Predict the direction of the entropy in each reaction.
a. CaCO3(s)-> CaO(s) +CO2(g0
b. NH3(g)+HCl(g)->NH4Cl(s)
c. 2NaHCO3-> Na2CO3(s)+H20(g) +CO2
d. CaO(s)+CO2(g)-> CaCO3
The secret here is to visualize the randomness of the substances. Entropy increases as we go from solid to liquid to gas. Solids are orderly with atoms essentially locked into place, liquids less orderly and more degrees of freedom for the molecules, gases the molecules can go every which way.
a. CaCO3 is solid, CaO is solid BUT CO2 is a gas so entropy increases in going from left to right.
b. gases going to solid; entropy decreases from left to right.
Positive
To determine the direction of entropy in each reaction, we need to consider the change in the number of moles of gas and the change in the state of matter.
a.
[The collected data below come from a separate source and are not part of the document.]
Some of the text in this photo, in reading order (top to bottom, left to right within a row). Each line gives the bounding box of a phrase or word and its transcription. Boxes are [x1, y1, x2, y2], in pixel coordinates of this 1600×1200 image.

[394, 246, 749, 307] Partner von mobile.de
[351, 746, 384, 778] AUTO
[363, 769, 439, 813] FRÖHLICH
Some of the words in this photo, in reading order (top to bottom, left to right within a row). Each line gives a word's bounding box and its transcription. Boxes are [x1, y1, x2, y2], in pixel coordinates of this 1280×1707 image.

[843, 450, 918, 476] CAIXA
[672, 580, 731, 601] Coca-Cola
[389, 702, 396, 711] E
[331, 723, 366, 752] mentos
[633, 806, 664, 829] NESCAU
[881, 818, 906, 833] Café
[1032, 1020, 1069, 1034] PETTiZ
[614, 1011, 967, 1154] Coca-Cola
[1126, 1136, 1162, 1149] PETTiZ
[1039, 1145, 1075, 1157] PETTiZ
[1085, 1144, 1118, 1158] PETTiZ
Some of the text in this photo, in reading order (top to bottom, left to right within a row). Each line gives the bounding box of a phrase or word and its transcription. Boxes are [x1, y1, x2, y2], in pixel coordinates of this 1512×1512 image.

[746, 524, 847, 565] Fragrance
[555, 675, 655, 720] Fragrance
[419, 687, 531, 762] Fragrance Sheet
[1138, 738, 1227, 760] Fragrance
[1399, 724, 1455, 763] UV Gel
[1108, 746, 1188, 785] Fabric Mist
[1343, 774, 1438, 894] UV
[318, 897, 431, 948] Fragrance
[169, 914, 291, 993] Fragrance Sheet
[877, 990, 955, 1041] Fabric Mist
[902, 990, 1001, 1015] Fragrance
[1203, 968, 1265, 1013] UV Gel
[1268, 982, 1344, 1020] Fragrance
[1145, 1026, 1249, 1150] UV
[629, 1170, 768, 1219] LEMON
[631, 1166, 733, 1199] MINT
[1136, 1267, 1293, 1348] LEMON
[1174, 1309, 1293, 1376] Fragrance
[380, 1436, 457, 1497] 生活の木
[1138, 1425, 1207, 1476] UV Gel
CaCO3(s) -> CaO(s) + CO2(g)
In this reaction, the reactant (CaCO3) is a solid, and the products (CaO and CO2) include one gas. Since the number of moles of gas increases from 0 (solid) to 1 (gas), the entropy of the system increases. Therefore, the direction of entropy is positive.
b. NH3(g) + HCl(g) -> NH4Cl(s)
In this reaction, both reactants (NH3 and HCl) are gases, and the product (NH4Cl) is a solid. The number of moles of gas decreases from 2 (gases) to 0 (solid), leading to a decrease in entropy. Therefore, the direction of entropy is negative.
c. 2NaHCO3 -> Na2CO3(s) + H2O(g) + CO2(g)
In this reaction, the reactant (2NaHCO3) is a solid, and the products (Na2CO3, H2O, and CO2) include two gases. The number of moles of gas increases from 0 (solid) to 2 (gases), resulting in an increase in entropy. Therefore, the direction of entropy is positive.
d. CaO(s) + CO2(g) -> CaCO3(s)
In this reaction, the reactant (CO2) is a gas, and the product (CaCO3) is a solid. The number of moles of gas decreases from 1 (gas) to 0 (solid), leading to a decrease in entropy. Therefore, the direction of entropy is negative.
To predict the direction of entropy in each reaction, we need to consider the changes in the physical state and number of molecules.
a. CaCO3(s) -> CaO(s) + CO2(g)
In this reaction, a solid (CaCO3) is converted into a solid (CaO) and a gas (CO2). The number of molecules is decreasing, as one solid converts into another solid and a gas is released. Since the gas phase is more disordered than the solid phase, the entropy is expected to increase. Therefore, the direction of entropy is positive (+).
b. NH3(g) + HCl(g) -> NH4Cl(s)
In this reaction, two gases (NH3 and HCl) react to form a solid (NH4Cl). The number of molecules is decreasing, as two gases combine to form a solid. Since the solid state is less disordered than the gas phase, the entropy is expected to decrease. Therefore, the direction of entropy is negative (-).
c. 2NaHCO3 -> Na2CO3(s) + H2O(g) + CO2
In this reaction, a solid (NaHCO3) decomposes to form a solid (Na2CO3), a gas (CO2), and a gas (H2O). The number of molecules is increasing, as one solid decomposes into a solid and two gases. Since the gas phase is more disordered than the solid phase, the entropy is expected to increase. Therefore, the direction of entropy is positive (+).
d. CaO(s) + CO2(g) -> CaCO3
In this reaction, a solid (CaO) reacts with a gas (CO2) to form a solid (CaCO3). The number of molecules is decreasing, as one gas reacts with a solid to form another solid. Since the solid state is less disordered than the gas phase, the entropy is expected to decrease. Therefore, the direction of entropy is negative (-).
Remember, these predictions are based on general trends and assumptions. Detailed calculations and experimental data can provide more accurate information on the changes in entropy for specific reactions.